Hast du schon mal von einem Sesel gehört?

Das heißt wirklich so und du darfst dich auch nicht draufsetzen wie auf einen Sessel. Neulich war ich mit Freunden beim Wandern. Dabei habe ich einige der Pflanzen bestimmt, die mir am Weg begegnet sind. Und was habe ich gesehen? Eine Pflanze, die Steppen-Sesel heißt.

Weitblick Ries Wegweiser Panoramaweg Ries

Ein wenig war ich überrascht, sie gerade bei uns zu finden. Denn ich war im Nördlinger Ries unterwegs und nicht in irgendeiner Steppe. Wobei: Es war an diesem Tag ziemlich heiß, über 30 Grad. So ähnlich könnte es auch in einer Steppe sein und deshalb stimmt wahrscheinlich meine Beobachtung.

Gefunden habe ich bei meiner Tour auch noch viele andere Pflanzen: zum Beispiel Arznei-Thymian, Gewöhnlichen Natternkopf, Kartäuser-Nelken und eine Wiesen-Flockenblume. Unterwegs war ich in einem Naturschutzgebiet. Trotzdem war ich total überrascht, wie viele verschiedene Arten ich gesehen habe. Ich hätte stundenlang weitermachen können, wäre es nicht zu heiß gewesen.

Wiesen-Flockenblume                                    Steppen-Seselkraut                                     Kartäuser-Nelke

Aber nochmal zu dem Steppen-Sesel: Mit solchen Pflanzen, ich gebe es gerne zu, kenne ich mich gar nicht so gut aus. Aber ich habe auf dem Handy eine ganz tolle App. Sie heißt „flora incognita“, was so viel bedeutet wie „unbekannte Pflanze“. Diese App kannst du dir kostenlos laden. Probiere sie doch einfach mal aus!

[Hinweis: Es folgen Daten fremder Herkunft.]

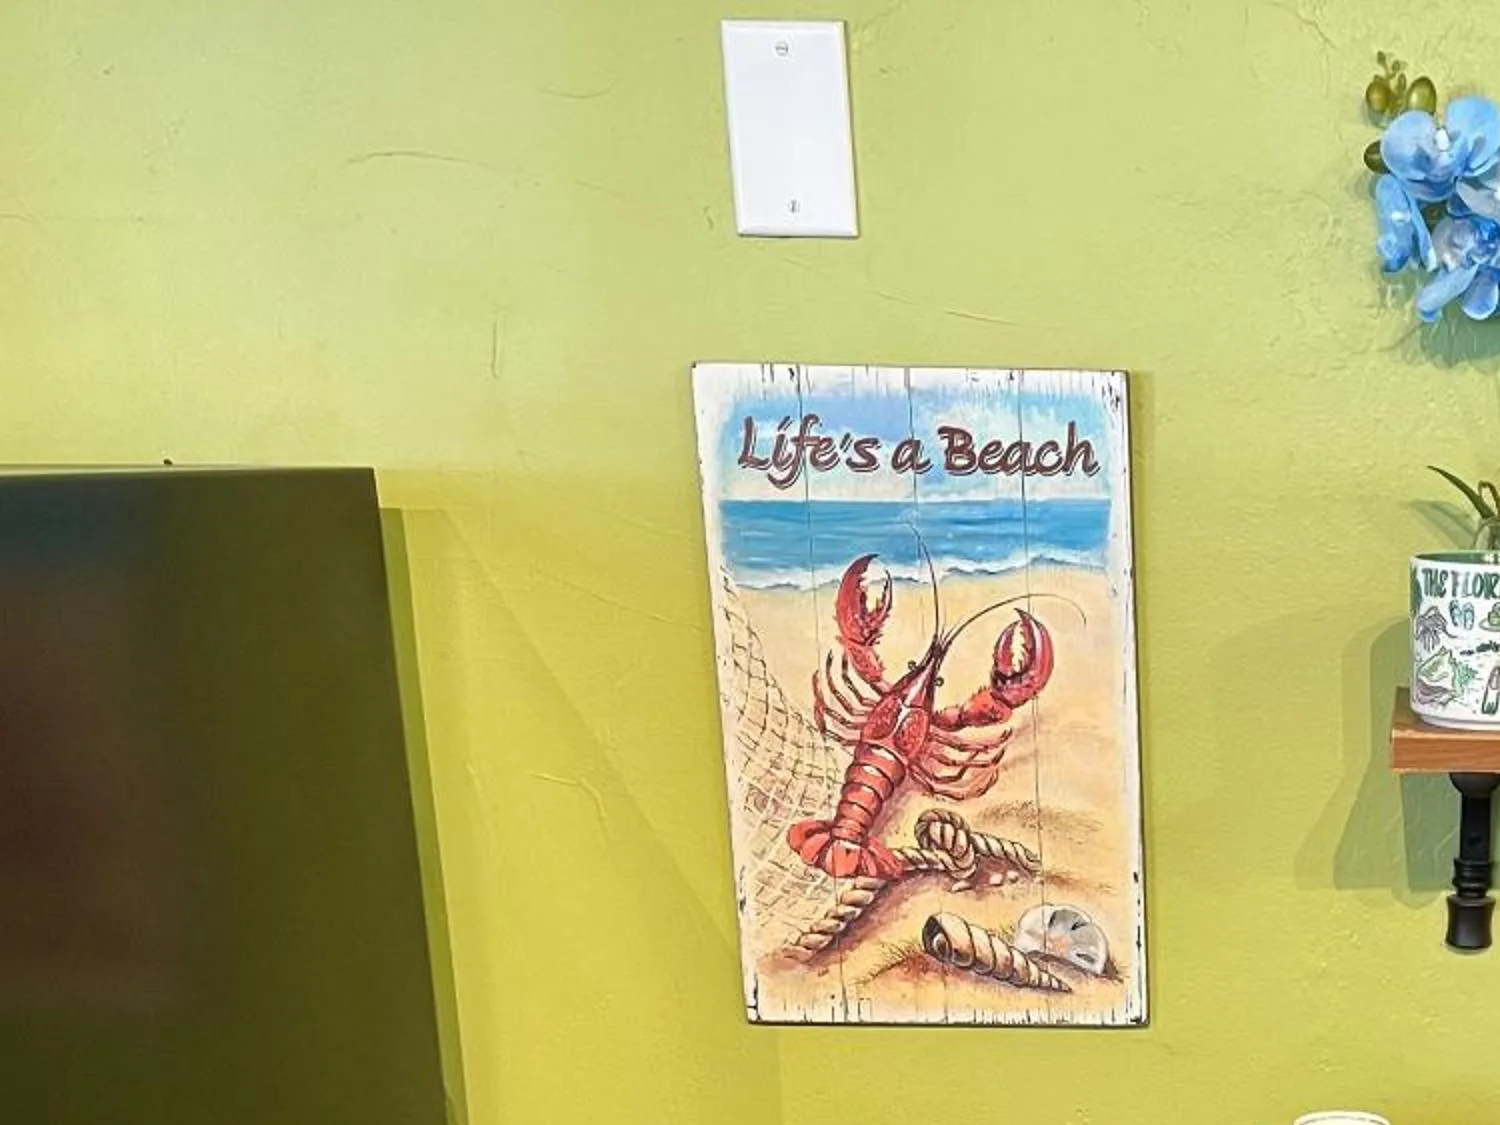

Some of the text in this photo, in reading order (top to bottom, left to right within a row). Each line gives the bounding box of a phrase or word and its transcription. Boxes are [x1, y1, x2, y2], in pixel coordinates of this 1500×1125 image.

[737, 413, 1101, 489] Life's a Beach
[1422, 568, 1448, 598] THE
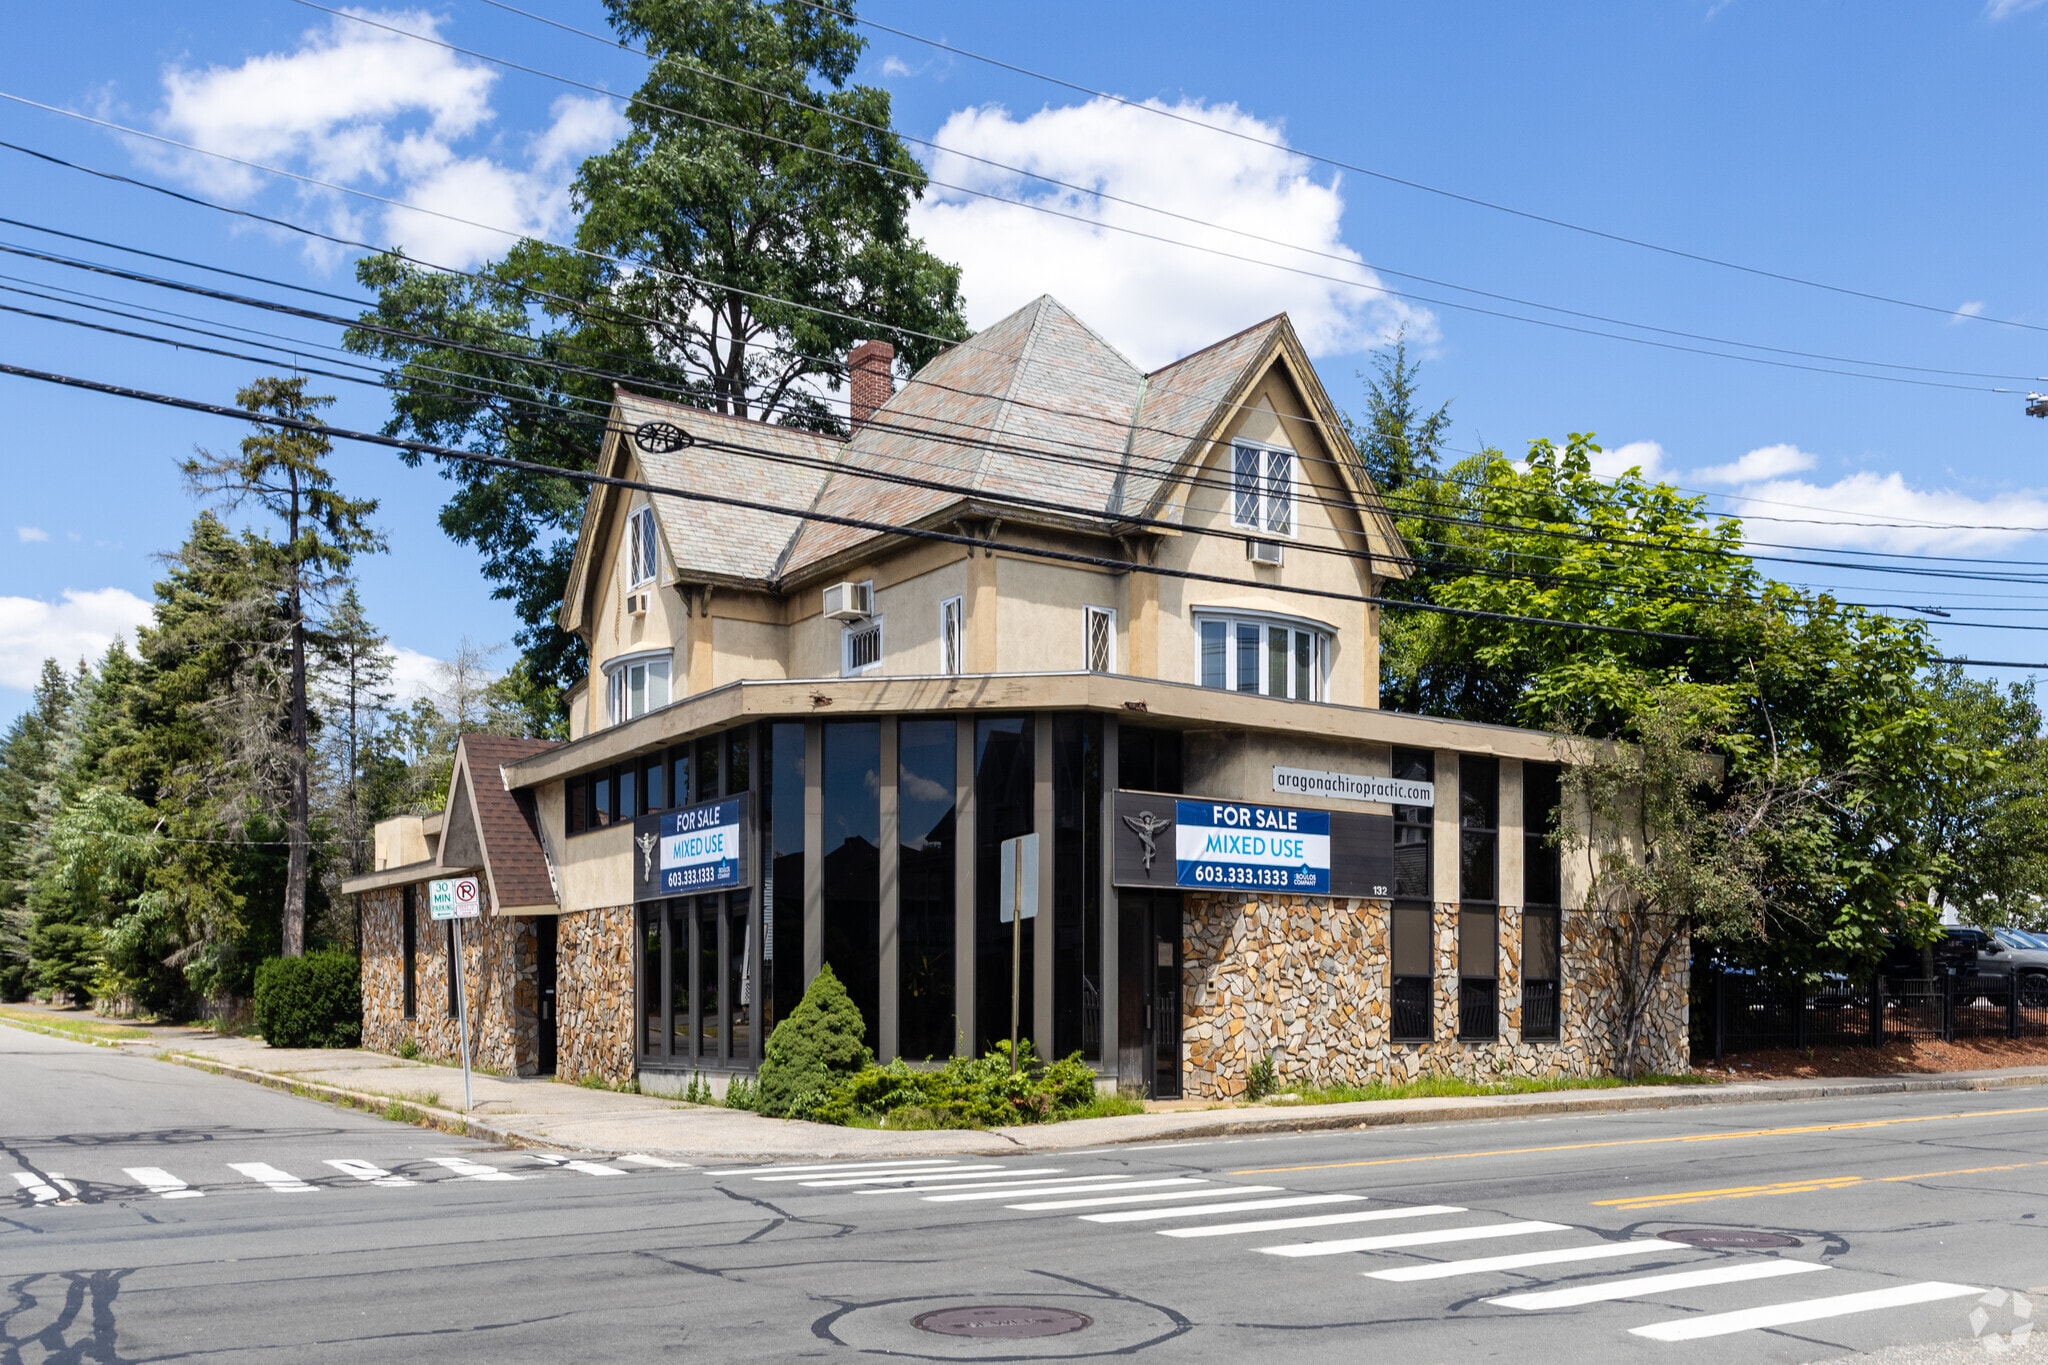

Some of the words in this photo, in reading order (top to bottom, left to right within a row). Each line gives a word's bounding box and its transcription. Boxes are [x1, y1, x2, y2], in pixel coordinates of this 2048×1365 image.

Du wirst bestimmt so überrascht und begeistert sein wie ich. Ob es übrigens wirklich Steppen-Sesel war, da war sich das Programm auf meinem Handy nicht ganz sicher. Vielleicht war es nur eine Gewöhnliche Schafgarbe? Ich hätte näher dran gehen sollen mit meiner Kamera. Aber wenn es dieses Kraut gewesen sein sollte, dann weiß ich jetzt dank der App: Steppen-Sesel ist in Deutschland zwar nicht gefährdet, aber dennoch selten.

Botaniker

Foto: Karl-Georg Michel

Habe ich also einen Schatz gefunden? Muss ich zu einem besonderen Wächter dieser Pflanze werden? Ganz sicher werde ich nochmal an diese Stelle gehen und versuchen, die Pflanze genauer zu bestimmen, wenn es nicht so heiß ist und das Licht nicht mehr so gleißend hell.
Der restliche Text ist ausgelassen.